# Rosyth /zeebrugge Ferry Service



## dom (Feb 10, 2006)

greek passenger shipper,Attica Holdings,said it had signed a contract to-day to sell its ice class ro-pax vessel 'superfast X' operating between Scotland and Belgium to Veolia transport for 112million€s.
the company added that the delivery and final payment will take place at the beginning of 2007.
Attica holdings said it plans to use its cash balance to aquire suitable tonnage to cover currant shipping demands and the company intends to replace 'super X ' on the Rosyth Zebrugge service


----------



## rushie (Jul 5, 2005)

*That's good news..!*

Cheers Dom,

Good news....that service was under threat not so long ago.

Of course there's always the chance that "due to not being able to find suitable tonnage....the service has now been withdrawn....."
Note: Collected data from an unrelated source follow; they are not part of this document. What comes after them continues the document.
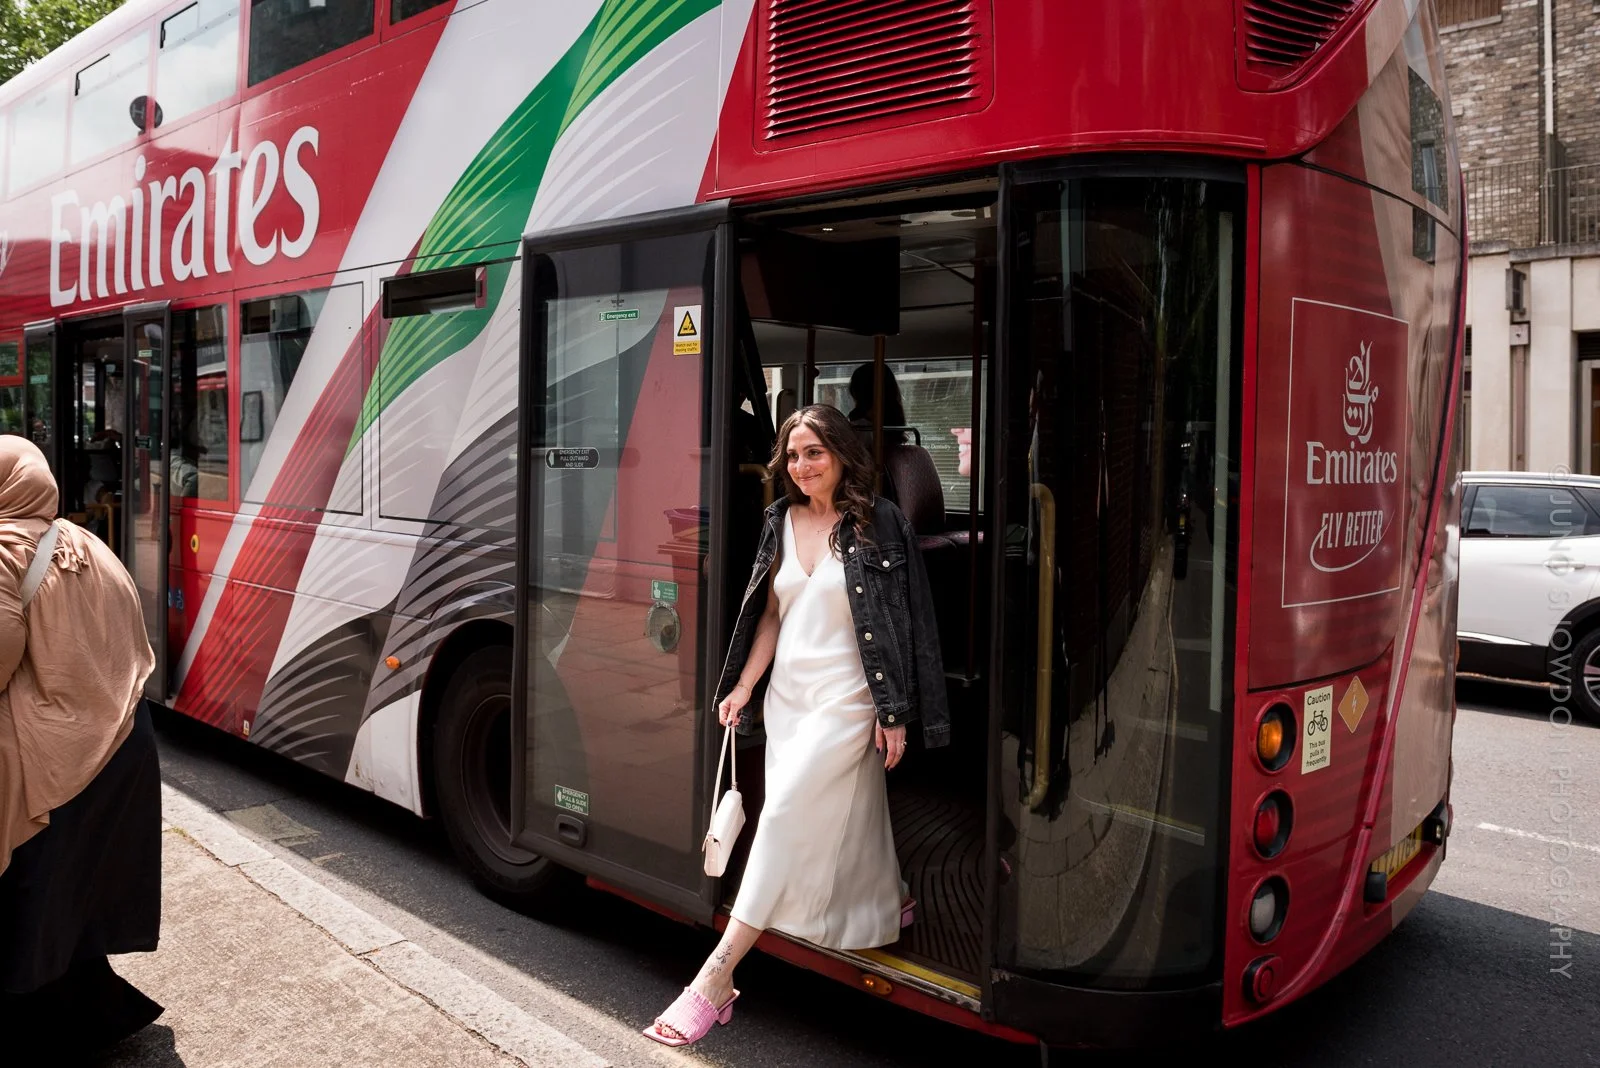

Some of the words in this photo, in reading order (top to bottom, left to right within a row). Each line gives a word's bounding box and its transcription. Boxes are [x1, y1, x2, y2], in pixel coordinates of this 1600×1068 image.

[50, 126, 320, 307] Emirates
[1306, 441, 1397, 485] Emirates
[1319, 512, 1343, 549] FLY
[1344, 510, 1383, 547] BETTER
[1307, 692, 1331, 706] Caution
[1310, 750, 1319, 758] pulls
[1306, 756, 1327, 767] frequently
[561, 794, 571, 803] PULL
[576, 799, 586, 807] SLIDE
[562, 788, 586, 800] EMERGENCY
[572, 804, 584, 812] OPEN
Wait and see....fingers x-rossed

Rushie


----------



## Tom S (Jul 22, 2006)

I am sorry to hear about the sale of Superfast X. As Port Superintendent at the Port of Rosyth I was involved in bringing Superfast to the Port and believe me we put a lot of work in to it. Once bunker prices started to rise Attica started to feel the pinch, at Full Speed they are expensive to operate. Passenger numbers were good and freight to the continent was always good the problem was the return to Scotland Road hauliers preferred to come back via Hull or Dover so that they could pick up a return load.This resulted in the vessels returning half empty at times. I am sure its not the end of the road I am sure Attica will put another vessel on the route.There is a long term future for the terminal at Rosyth I know they are working hard trying to get a service to the Baltic up and running


----------



## John Cassels (Sep 29, 2005)

Also hope Superfast keep going. Did the round trip at the end of 2003 and
it was a real pleasure not having to drive for hours on end to get to Gourock.
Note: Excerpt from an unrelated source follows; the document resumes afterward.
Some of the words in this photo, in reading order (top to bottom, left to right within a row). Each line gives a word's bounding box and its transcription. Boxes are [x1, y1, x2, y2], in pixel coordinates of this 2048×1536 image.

Remember it also because there was a hightened terrorist alert at the time and
all cars were carefully checked before loading at Zeebrugge.
What a difference at Rosyth , security was so lax , we could have have had
a set of sam missiles in the back of the car. The only question we were asked
was the usual "business or pleasure sir". The guy never looked further than the front seats.
Was so concerned ,I even sent an e-mail to the BBC but don't know how far they took
it.

JC


----------



## David Byrne (Mar 18, 2006)

*Rosyth*

Tom,

You are absolutely right - the people at Forth ports put a huge amount of money and effort into getting the Superfast service started.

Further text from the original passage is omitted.